Festive drunkenness calls for attention

By The Editorial Board 10 January 2022, 11:57PM

The recent Christmas and New Year holidays were a festive season just like any other – celebrations with a lot of food and drinks. 

Yes, a lot of drinks. In fact too much of it, that a number of people drove home inebriated and ended up on the wrong side of the law.

An article (Drunkenness dominates festive season arrests) in the Monday 10 January 2022 edition of the Samoa Observer gave details of a Police brief on the number of arrests during Christmas and New Year periods.

Sadly, offences connected with alcohol consumption dominated the arrests over the two weekends, according to the Police.

The Acting Police, Prisons and Corrections Services Commissioner, Papalii Monalisa Tiai-Keti told the Samoa Observer that between 25-31 December 2021 and 1-4 January 2022 a total of 86 people were arrested.

She nominated assault and drunkenness as the main crimes that the police were called to attend to. People caught drink-driving were also taken in, resulting in a total of 47-alcohol related arrests.

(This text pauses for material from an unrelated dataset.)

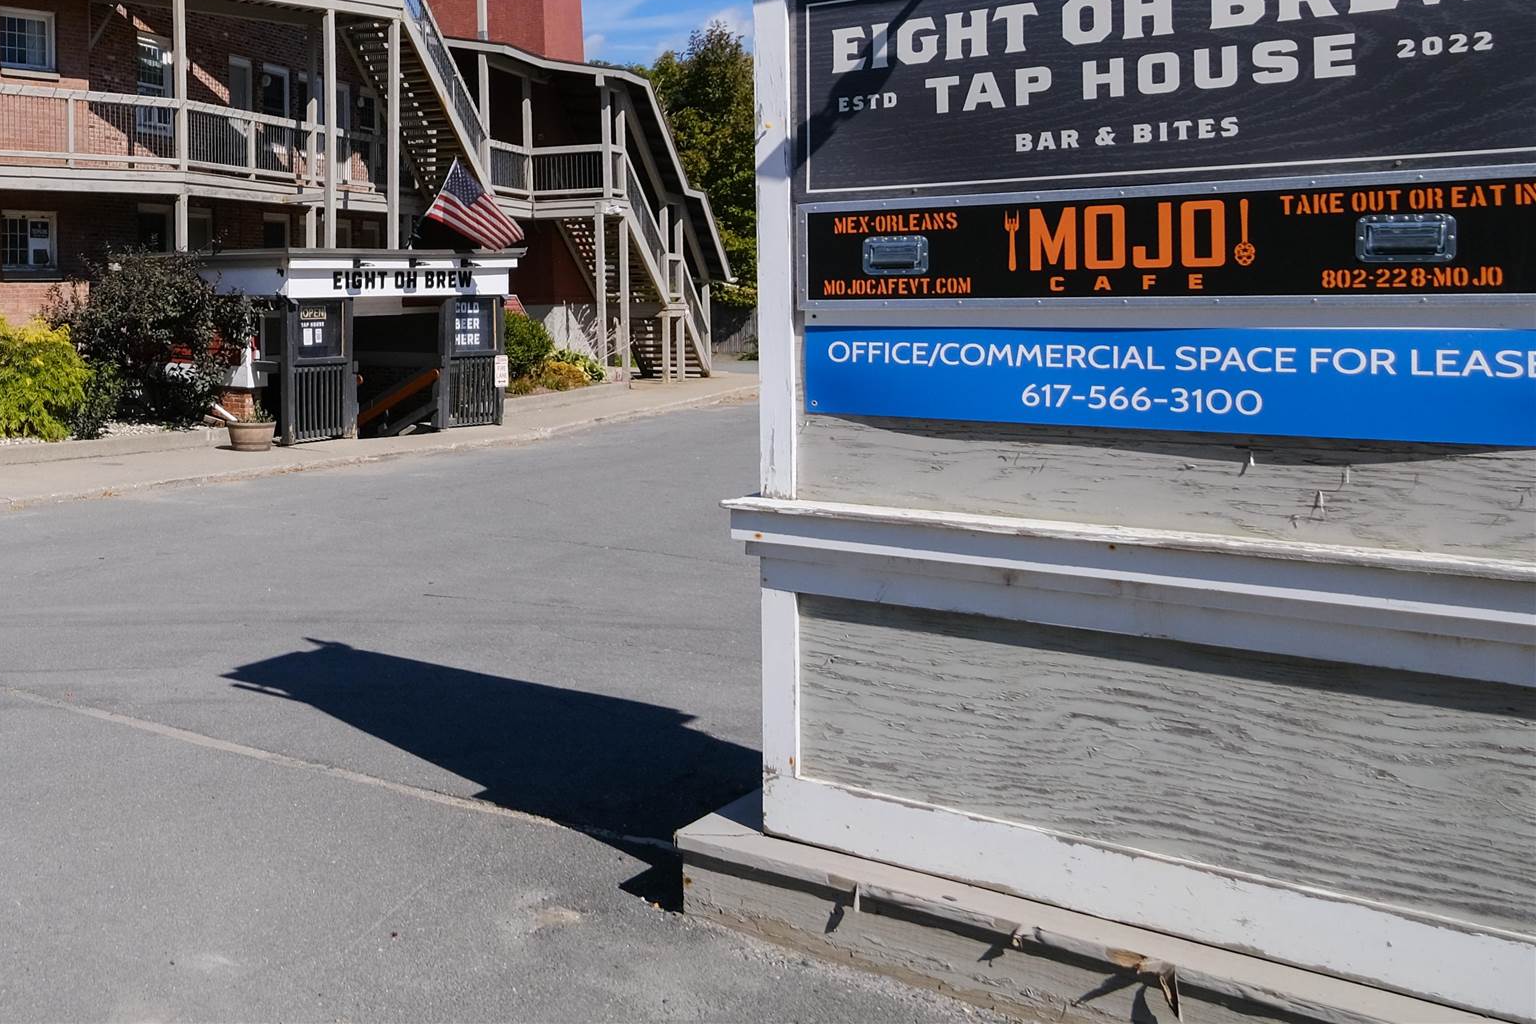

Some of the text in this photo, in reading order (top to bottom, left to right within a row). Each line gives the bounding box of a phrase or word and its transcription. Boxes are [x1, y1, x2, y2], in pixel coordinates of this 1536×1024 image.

Is there a crisis of alcohol abuse in this country? Yes, we would like to think so, if the Ministry of Police-released statistics from the two weekends as well as data from previous years are any indication.

And we say this with a heavy heart because our alcohol abuse crisis appears to have now become a 12-month cycle, with consequential events spread out over the year impacting families, villages and the country.

Around this time last year, a Supreme Court Judge called out village councils in Samoa for failing to curb what he described as the “pandemic” of alcohol abuse.

Justice Vui Clarence Nelson – before jailing a man for grievous bodily harm and being armed with a dangerous weapon – revealed alcohol was the underlying factor behind most of the cases that went before the Courts.

So what has changed in Samoa in terms of citizens' alcohol consumption habits since Justice Vui made that appeal last year? Unfortunately, very little. 

Penalties imposed by the Courts for the various alcohol-related crimes don’t appear to be a deterrence to the public from committing similar offences. 

In fact data from The Salvation Army Addiction Services showed that there has been a spike in the number of alcohol-related incidents since 2019. In 2019 they received 334 referrals for treatment, which increased to 420 in 2020 and 535 in 2021. For the cases from last year 194 were for driving under the influence. A majority of the cases were received from the Court through the Ministry of Justice and Courts Administration (M.J.C.A.) and most of the referrals were for drink-driving.

“We note that after any public holiday including the Christmas festive season, the number of referrals received from M.J.C.A. due to alcohol related incidents is always higher than normal,” said the Partnership Development Manager & Drug Clinician with The Salvation Army, Natalie Senio.

We commend The Salvation Army on its partnership with the M.J.C.A. to address Samoa’s growing alcohol abuse crisis in 2019, one year after the establishment of the church in Samoa in 2018.

But tackling alcohol abuse – like other substance abuse – needs to be community-driven with the support of critical stakeholders like the Government.

We acknowledge attempts by the previous Administration to address the issue through legislation when the last parliament passed the Alcohol Control Act 2020 in a bid to regulate supply, reduce demand and minimise the impact of alcohol sales and consumption on the community.

But monitoring alcohol consumption and keeping tabs on its effects on society – just like any other human behaviour – would be difficult and the jury is still out on the long-term impact and benefits of the Act. 

However, with a new Government in office, it would not hurt re-visiting the issue together with the Act using a new lens in a bid to find lasting solutions. This could include directing the Attorney-General to task the Samoa Law Reform Commission (S.L.R.C.) to undertake another round of public consultations and research on the sale and consumption of alcohol in Samoa and make recommendations for reform.

The last S.L.R.C. led review into the crisis was undertaken in 2013 at the request of the then Attorney-General with the official report released to the then Administration in April 2016. It is understood the April 2016 Alcohol Reform Report was meant to influence the legislative measures including the Alcohol Control Act 2020.

But in the nine years since the last S.L.R.C. review, a lot has changed in Samoa in terms of the consumption habits, the demographic of consumers and their spending power, as well as the growth in civil society and church partnerships with the Government to address the growing crisis.

The Government-of-the-day should make this a top priority in its term of office – if it is to have a fighting chance of reducing fatalities in Samoa connected with alcohol consumption.